→ WHAT THE TASK ASKS:
Retype the following data exactly, but leave its pictures out.

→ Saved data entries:
____

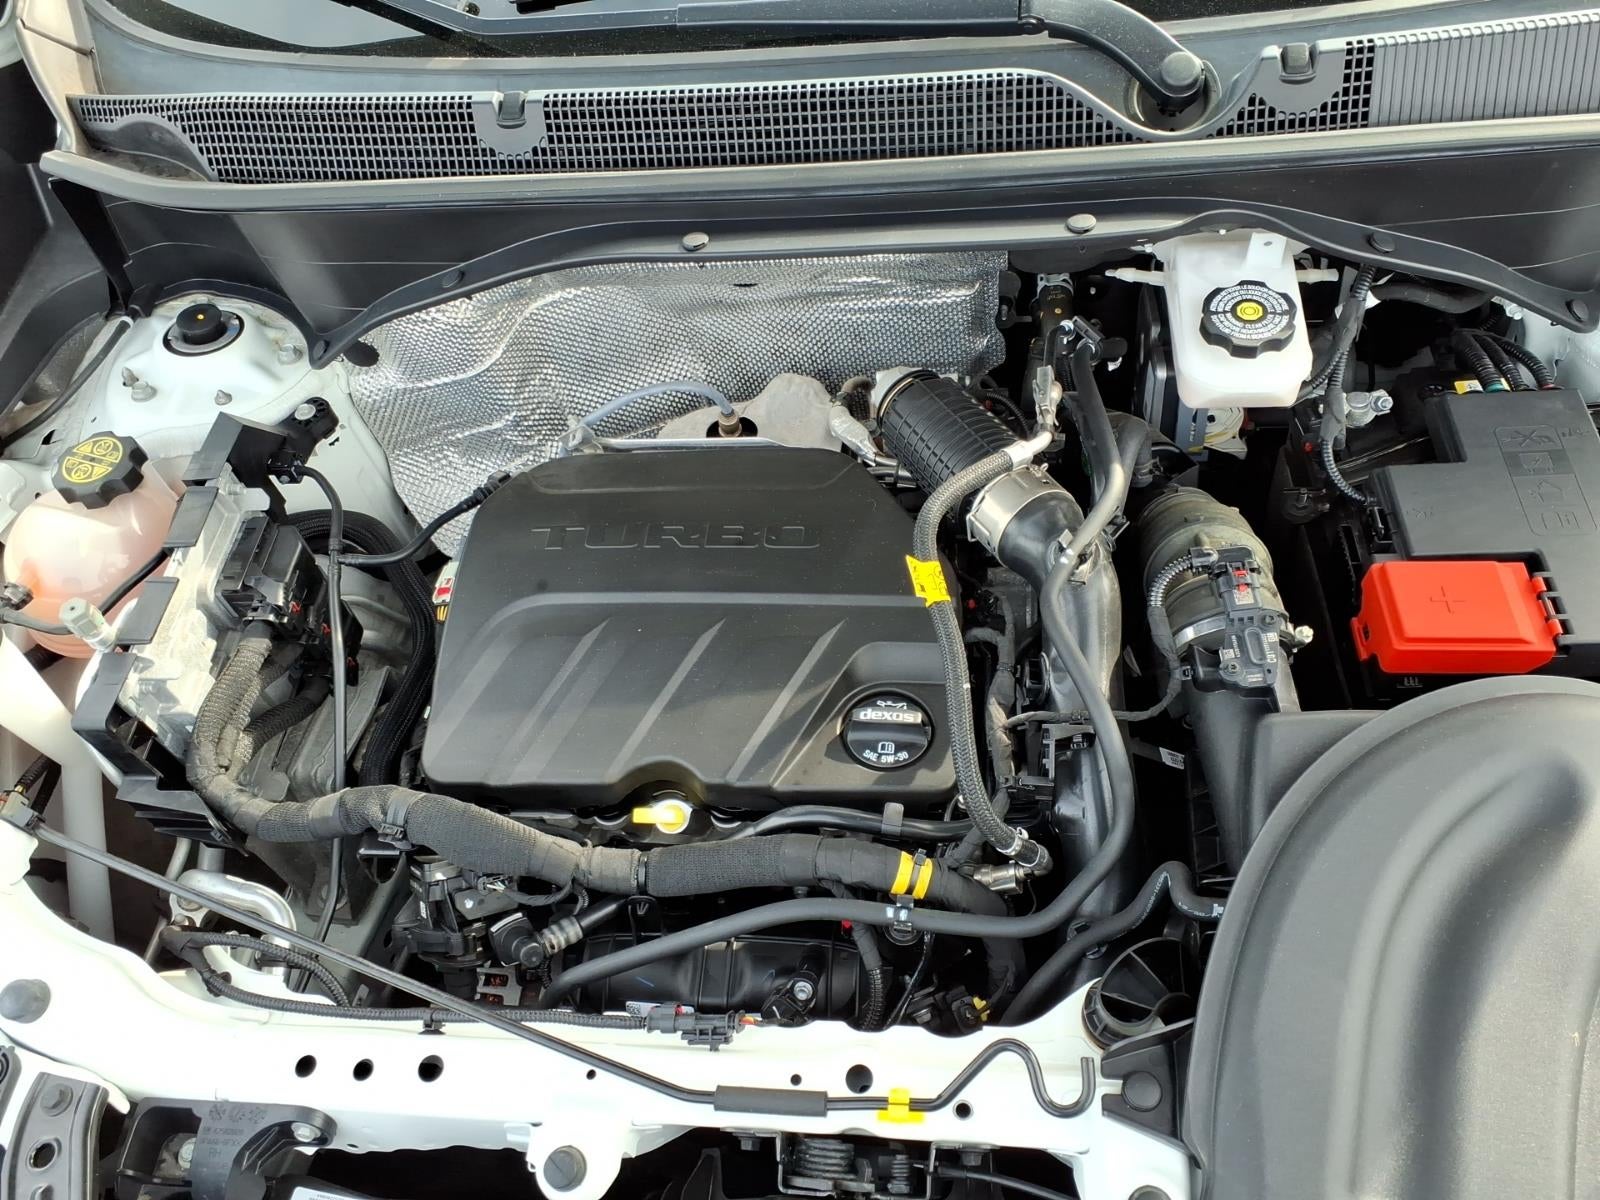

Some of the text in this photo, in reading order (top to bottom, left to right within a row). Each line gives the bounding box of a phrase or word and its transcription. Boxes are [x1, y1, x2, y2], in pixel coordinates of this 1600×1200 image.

[530, 522, 821, 550] TURBO
[860, 709, 915, 722] dexos
[863, 749, 909, 763] SAE 5W-30
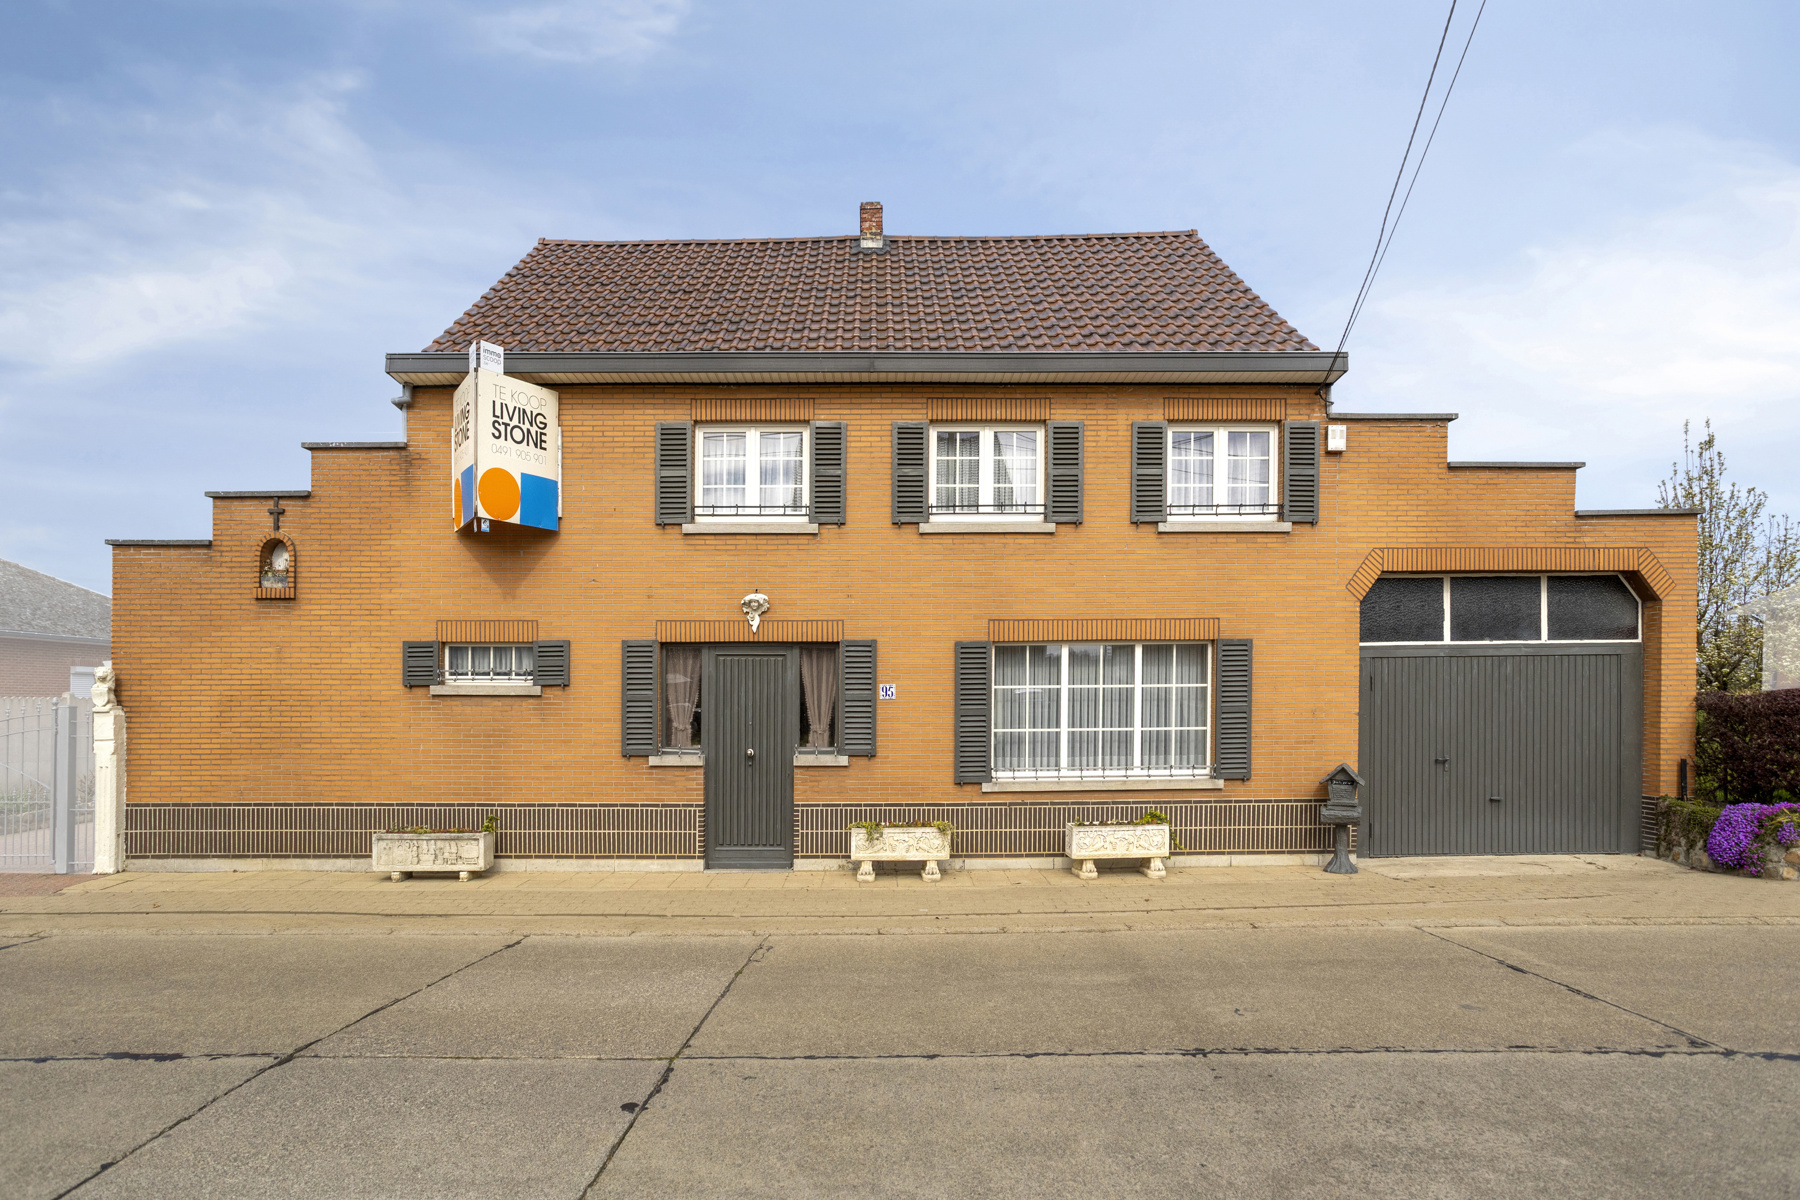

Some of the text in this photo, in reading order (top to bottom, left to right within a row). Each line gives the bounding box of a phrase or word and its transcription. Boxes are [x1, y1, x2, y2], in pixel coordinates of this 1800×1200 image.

[483, 346, 502, 359] immo
[483, 354, 502, 366] scoop
[493, 383, 506, 401] TE
[511, 389, 547, 411] KOOP
[492, 400, 548, 430] LIVING
[491, 419, 548, 452] STONE
[491, 443, 547, 466] 0491 905 901
[881, 685, 894, 698] 95

____

→ ANSWER SECTION:
Some of the text in this photo, in reading order (top to bottom, left to right within a row). Each line gives the bounding box of a phrase or word and its transcription. Boxes are [x1, y1, x2, y2], in pixel coordinates of this 1600×1200 image.

[530, 522, 821, 550] TURBO
[860, 709, 915, 722] dexos
[863, 749, 909, 763] SAE 5W-30

Some of the text in this photo, in reading order (top to bottom, left to right within a row). Each line gives the bounding box of a phrase or word and its transcription. Boxes are [x1, y1, x2, y2], in pixel coordinates of this 1800×1200 image.

[483, 346, 502, 359] immo
[483, 354, 502, 366] scoop
[493, 383, 506, 401] TE
[511, 389, 547, 411] KOOP
[492, 400, 548, 430] LIVING
[491, 419, 548, 452] STONE
[491, 443, 547, 466] 0491 905 901
[881, 685, 894, 698] 95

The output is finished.